Photo/Illutration Takuya Yokota, the new head of a group representing families of those abducted by North Korean agents (Photo by Kazuyoshi Sako)

Takuya Yokota is determined to see his sister again no matter what, but wonders when, or indeed ever, he will be reunited with his older sibling, abducted decades ago to North Korea.

He says the only means he has at his disposal is the power of words to get politicians to take up the cause in earnest.

Efforts over the years initially spearhead by his late father, Shigeru Yokota, to force the issue bore little fruit until Prime Minister Junichiro Koizumi made a landmark visit to North Korea in 2002 that resulted in five abductees returning to Japan.

By Japanese government estimates, there are still a dozen or so Japanese nationals being held against their will after being snatched in the late 1970s and ’80s to train North Korean spies in Japanese language, customs and culture.

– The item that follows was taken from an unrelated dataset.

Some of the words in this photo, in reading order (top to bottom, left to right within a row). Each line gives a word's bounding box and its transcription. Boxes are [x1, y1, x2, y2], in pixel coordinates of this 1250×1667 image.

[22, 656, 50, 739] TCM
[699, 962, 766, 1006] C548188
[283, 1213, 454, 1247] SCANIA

“We are private citizens with no special authority,” said Takuya, 53, the new head of a group representing families of abductees. “The only weapon available for us is words. By meeting directly with officials and pressing our case in the strongest terms possible can we hope to make them relate to the problem.”

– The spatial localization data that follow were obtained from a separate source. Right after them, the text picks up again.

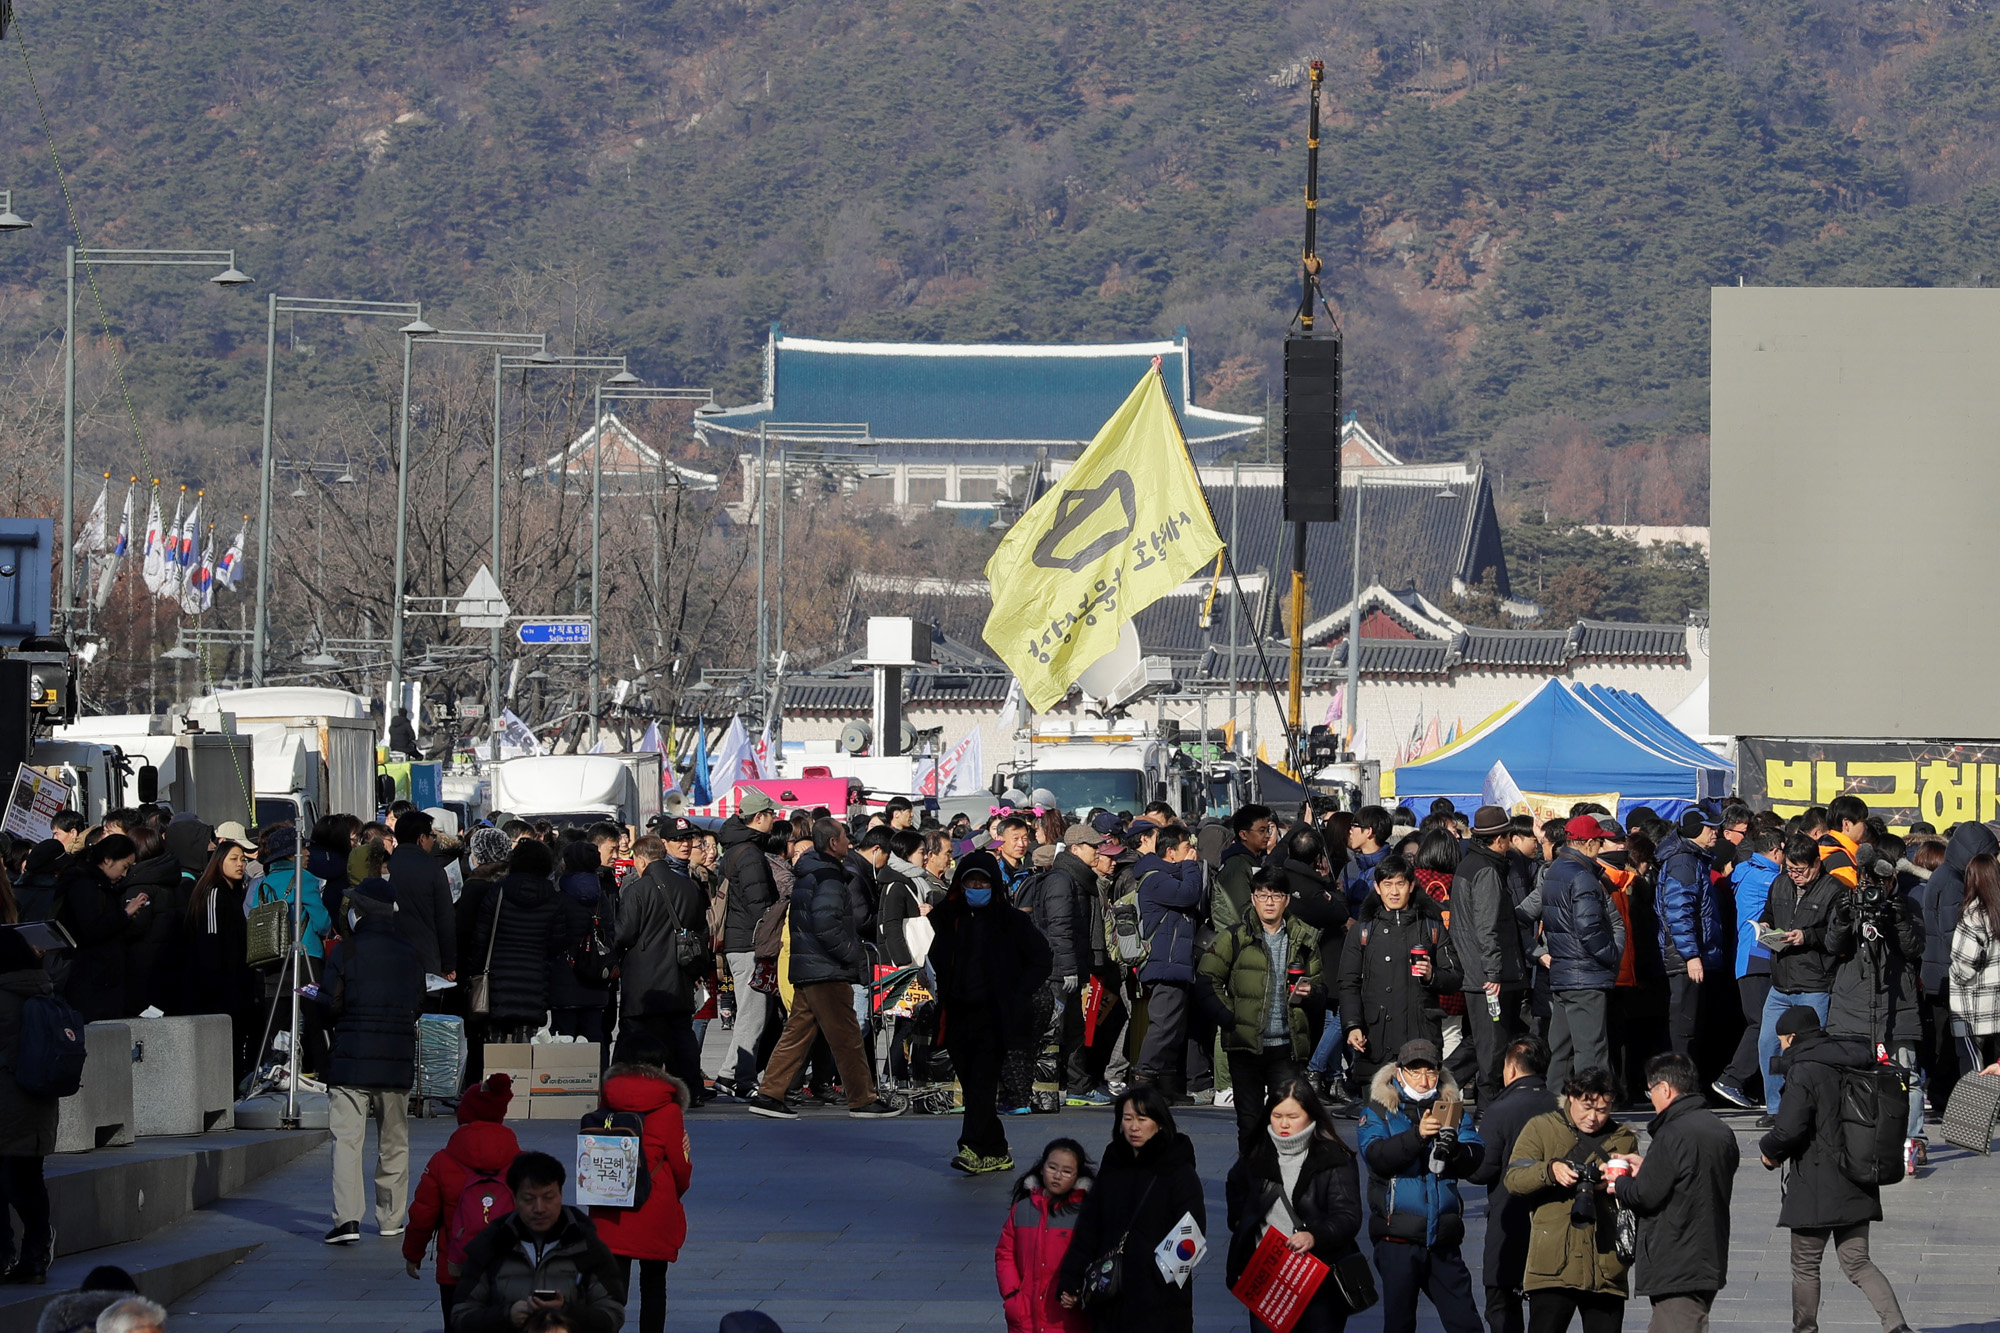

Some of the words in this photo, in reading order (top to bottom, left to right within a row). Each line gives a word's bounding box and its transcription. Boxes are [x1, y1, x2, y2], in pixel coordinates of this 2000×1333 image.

[548, 625, 588, 635] 사직로8길
[549, 635, 573, 643] Sajik-ro
[1765, 758, 2000, 835] 박근혜
[593, 1157, 624, 1169] 박근혜
[597, 1169, 621, 1182] 구속!

Takuya and his father first raised the issue with the United Nations back in around 2002 and he has met with successive U.S. presidents to bring pressure to bear on Pyongyang to resolve the longstanding issue.

Takuya’s elder sister, Megumi, was a 13-year-old junior high school student when she was snatched while walking home from school in Niigata facing the Sea of Japan in 1977. Takuya and his younger twin brother, Tetsuya, were aged 9 at the time.

Had Megumi been born a boy, she would have been named Takuya. Instead, the name was given to the Yokotas’ second child.

Takuya said Megumi’s disappearance felt as if all light has been extinguished within the household, recalling how she used to smile cheerfully like the sun.

In 1997, news reports emerged that Megumi might had been abducted to North Korea. This led to the formation of the families’ group headed by Takuya’s father, Shigeru.

Koizumi’s historic visit to Pyongyang resulted in the North’s acknowledgement of involvement in the abductions although it asserted Megumi had died years earlier and it had no records on other suspected abductees.

Yet Takuya optimistically hoped the problem, exacerbated by the fact the two countries do not have diplomatic relations, “may be finally settled with this.” But years passed without further signs of progress and Shigeru died in 2020. His successor, Shigeo Iizuka, died in 2021 and Takuya took charge a week before his death.

Throughout the 45 years since his sister vanished, Takuya never imagined he would become head of the victimized families’ group. In spite of that, he resolved to take over his father’s role.

“I feel it (the reality of my becoming the group head) constitutes a great inconsistency,” Takuya said. “It is, however, impossible for me to evade my responsibility. I have no choice but to serve as the head of the group.”

Looking to the future, Takuya said he dearly wants his mother, Sakie, 86, to “see my cheerful and upbeat elder sister as soon as possible.”

When he is eventually reunited with his older sibling, he will apologize to her for “having been unable to rescue her earlier.”

“I will tell her (Megumi) that my father wanted desperately to see her until his dying breath,” said Takuya, adding that he keeps his father’s cremated remains at hand in lieu of burying them so Megumi will be able to see her father when she finally returns home.